Fall 2018 CS498DL

Assignment 1: Linear classifiers

Due date: Thursday, September 27th, 11:59:59PM

Credit: Daniel McKee, Maghav Kumar

In this assignment you will implement simple linear classifiers on the well-known CIFAR-10 image classification dataset. The goal of this assignment is to help you understand the fundamentals of a few classic methods and become familiar with scientific computing tools in python. You will also get experience in hyperparameter tuning and using proper train/test/validation data splits.

Download the starting code here.

You will implement the following classifiers (in their respective files):

  1. K-nearest neighbor (KNN.py)
  2. Perceptron (Perceptron.py)
  3. SVM (SVM.py)
  4. Softmax (Softmax.py)

The top-level notebook (CS 498DL Assignment-1.ipynb) will guide you through all the steps. Setup instructions are below. The format of this assignment is inspired by the Stanford CS231n assignments, and we have borrowed some of their data loading and instructions in our assignment ipython notebook.

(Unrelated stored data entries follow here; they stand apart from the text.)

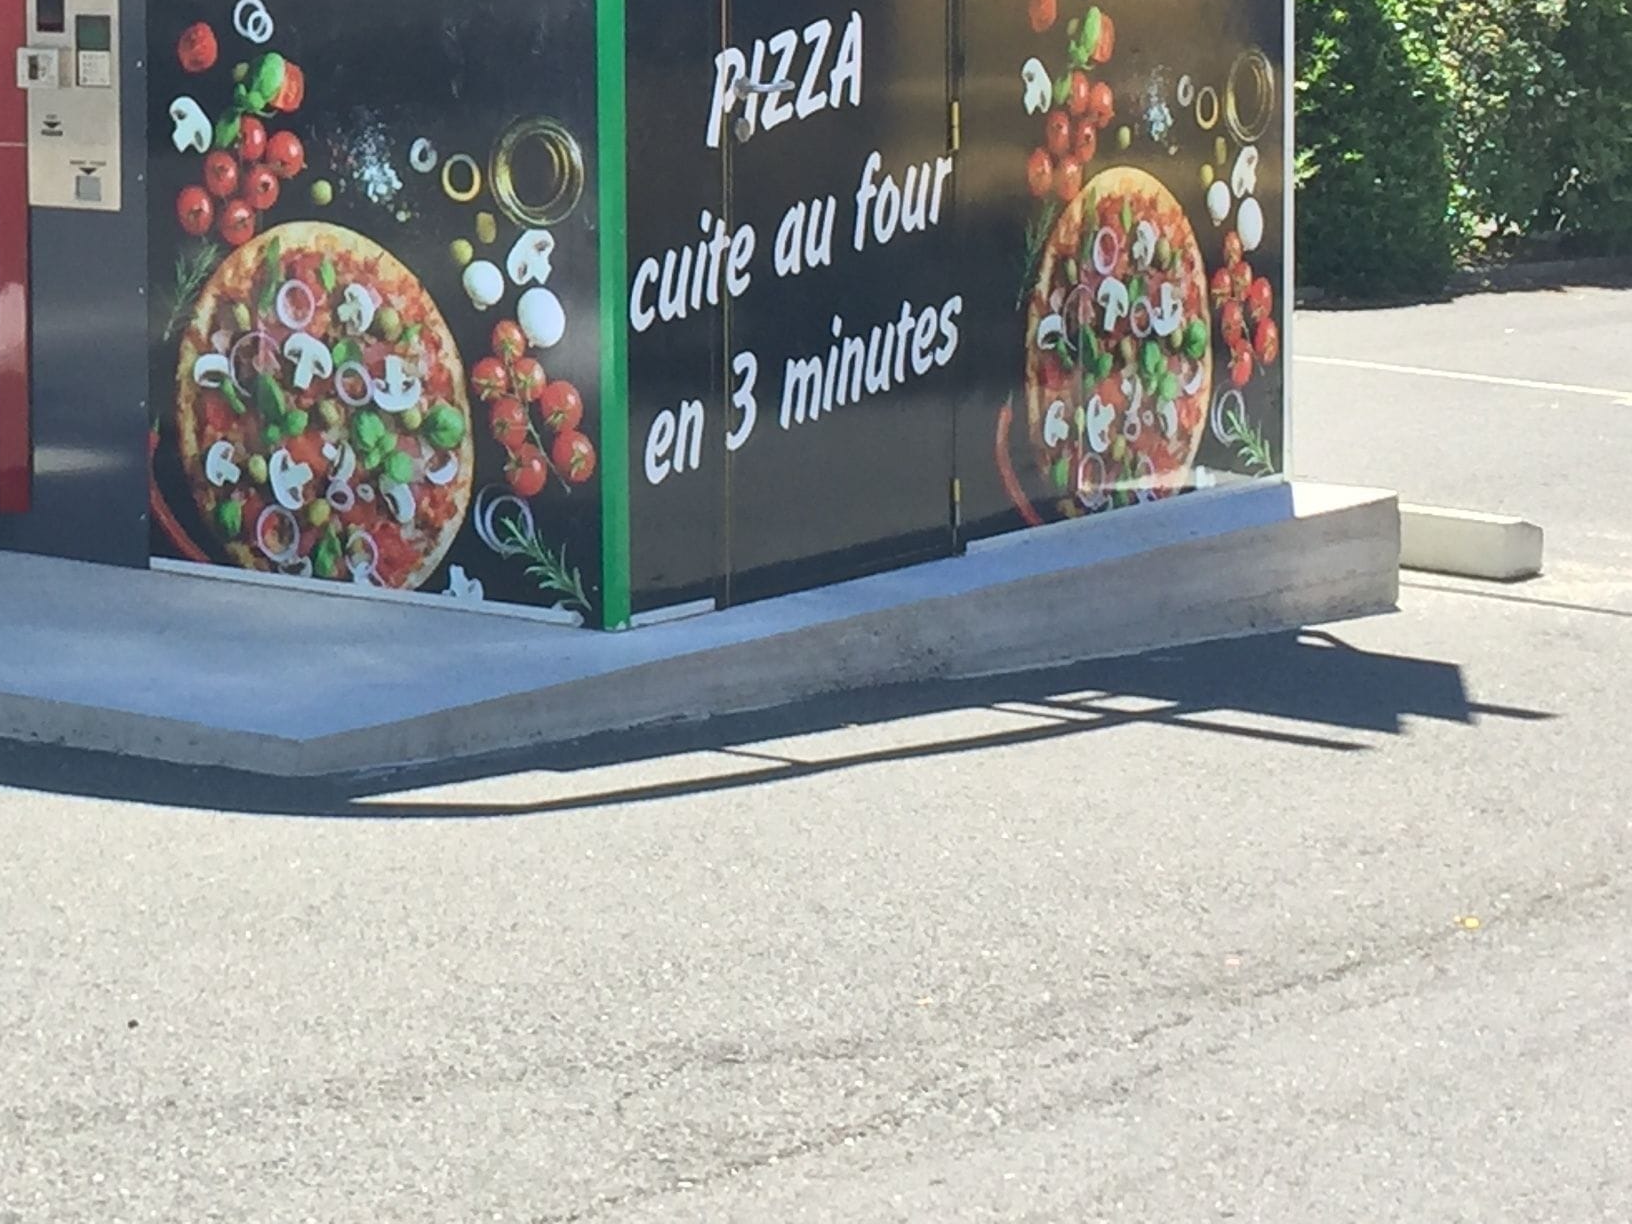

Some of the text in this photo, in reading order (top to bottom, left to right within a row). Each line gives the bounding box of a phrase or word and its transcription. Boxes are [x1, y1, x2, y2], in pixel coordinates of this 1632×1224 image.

[706, 10, 862, 148] PIZZA
[630, 150, 953, 332] cuite au four
[644, 294, 963, 485] en 3 minutes
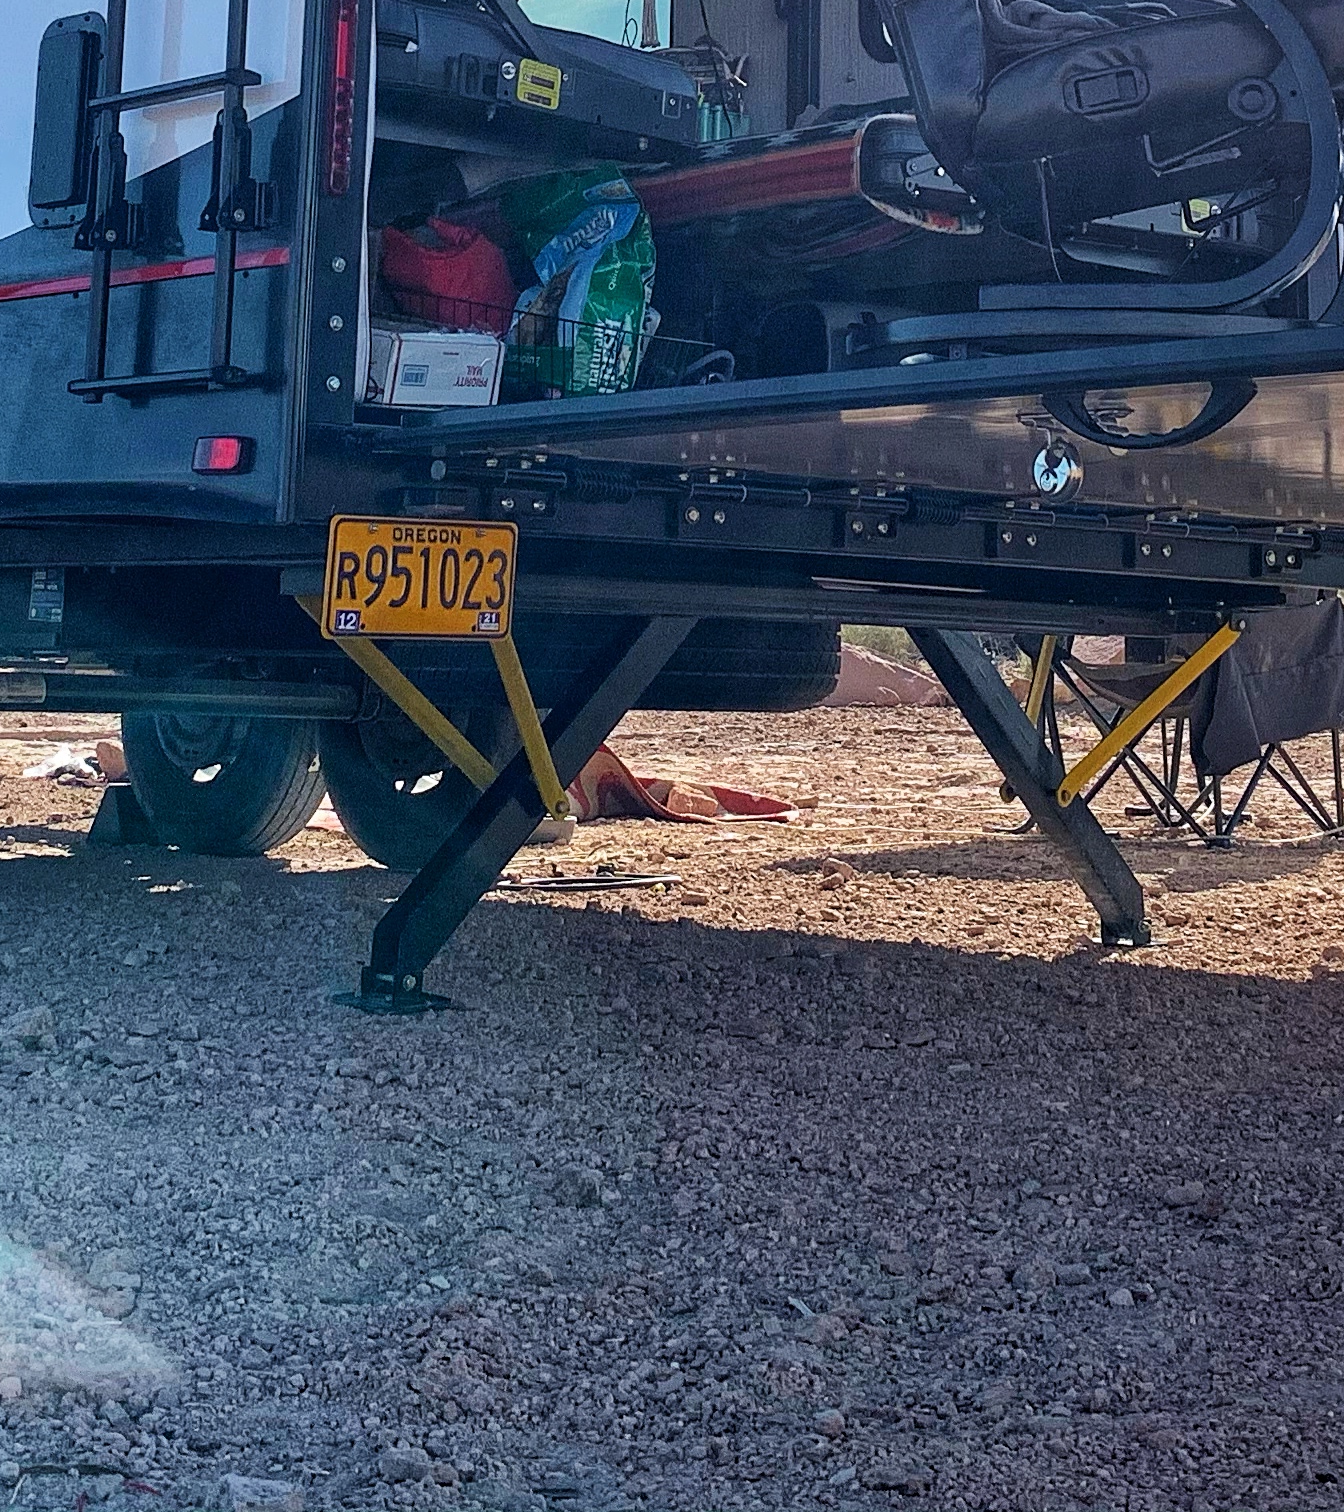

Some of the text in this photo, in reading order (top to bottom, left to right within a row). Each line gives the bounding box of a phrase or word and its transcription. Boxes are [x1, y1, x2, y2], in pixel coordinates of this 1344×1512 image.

[453, 377, 489, 388] PRIORITY
[392, 527, 462, 545] OREGON
[336, 544, 507, 610] R951023
[338, 613, 358, 630] 12
[483, 612, 497, 623] 21

None of the parts of this assignment require use of a machine with a GPU. You may complete the assignment using your local machine or you may use Google Colaboratory. However, we encourage you to try using Colaboratory if you donít have access to GPUs since Colaboratory provides free access to a Tesla K80 (for running short jobs).

Environment Setup (Local)

If you will be completing the assignment on a local machine then you will need a python environment set up with the appropriate packages.

We suggest that you use Anaconda to manage python package dependencies (https://www.anaconda.com/download). This guide provides useful information on how to use Conda: https://conda.io/docs/user-guide/getting-started.html.

Data Setup (Local)

Once you have downloaded the zip file, navigate to the cifar10 directory in MP1 and execute the get_dataset script provided:

cd MP1/cifar/

Data Setup (For Colaboratory)

If you are using Google Colaboratory for this assignment you will need do some additional setup steps.

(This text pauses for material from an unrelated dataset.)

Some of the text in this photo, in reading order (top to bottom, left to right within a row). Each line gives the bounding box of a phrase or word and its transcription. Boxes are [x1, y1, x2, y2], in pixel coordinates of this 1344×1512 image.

Download the assignment zip file and follow the steps above to download CIFAR-10 to your local machine. Next, you should make a folder in your Google Drive to hold all of your assignment files and upload the entire assignment folder (including the cifar10 dataset you downloaded) into this Google drive file.

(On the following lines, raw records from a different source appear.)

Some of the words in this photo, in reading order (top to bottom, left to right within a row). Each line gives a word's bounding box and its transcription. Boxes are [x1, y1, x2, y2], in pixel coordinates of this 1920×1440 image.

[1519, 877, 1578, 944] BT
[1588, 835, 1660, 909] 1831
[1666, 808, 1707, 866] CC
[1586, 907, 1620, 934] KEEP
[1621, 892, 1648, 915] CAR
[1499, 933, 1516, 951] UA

You will now need to open the assignment 1 ipython notebook file from your Google Drive folder in Colaboratory and run a few setup commands. You can find a detailed tutorial on these steps here (no need to worry about setting up GPU for now). However, we have condensed all the important commands you need to run into an ipython notebook.


The assignment is given to you in the CS 498DL Assignment-1.ipynb file. As mentioned, if you are using Colaboratory, you can open the ipython notebook directly in Colaboratory. If you are using a local machine, ensure that ipython is installed (https://ipython.org/install.html). You may then navigate the assignment directory in terminal and start a local ipython server using the jupyter notebook command.

Submission Instructions

Submission of this assignment will involve two steps:

  1. You must submit your output Kaggle CSV file from each of the four parts to their corresponding Kaggle competition webpages:
  2. The baseline accuracies you should approximately reach for each classifier are listed as benchmarks on each respective Kaggle leaderboard.

  3. You must upload three files on Compass 2g:
    1. All of your code (python files and ipynb file) in a single ZIP file. The filename should be netid_mp1_code.zip.
    2. Your ipython notebook with output cells converted to PDF format. The filename should be netid_mp1_output.pdf.
    3. A brief report in PDF format using this template. The filename should be netid_mp1_report.pdf.
    Don't forget to hit "Submit" after uploading your files, otherwise we will not receive your submission!

Please refer to course policies on collaborations, late submission, and extension requests.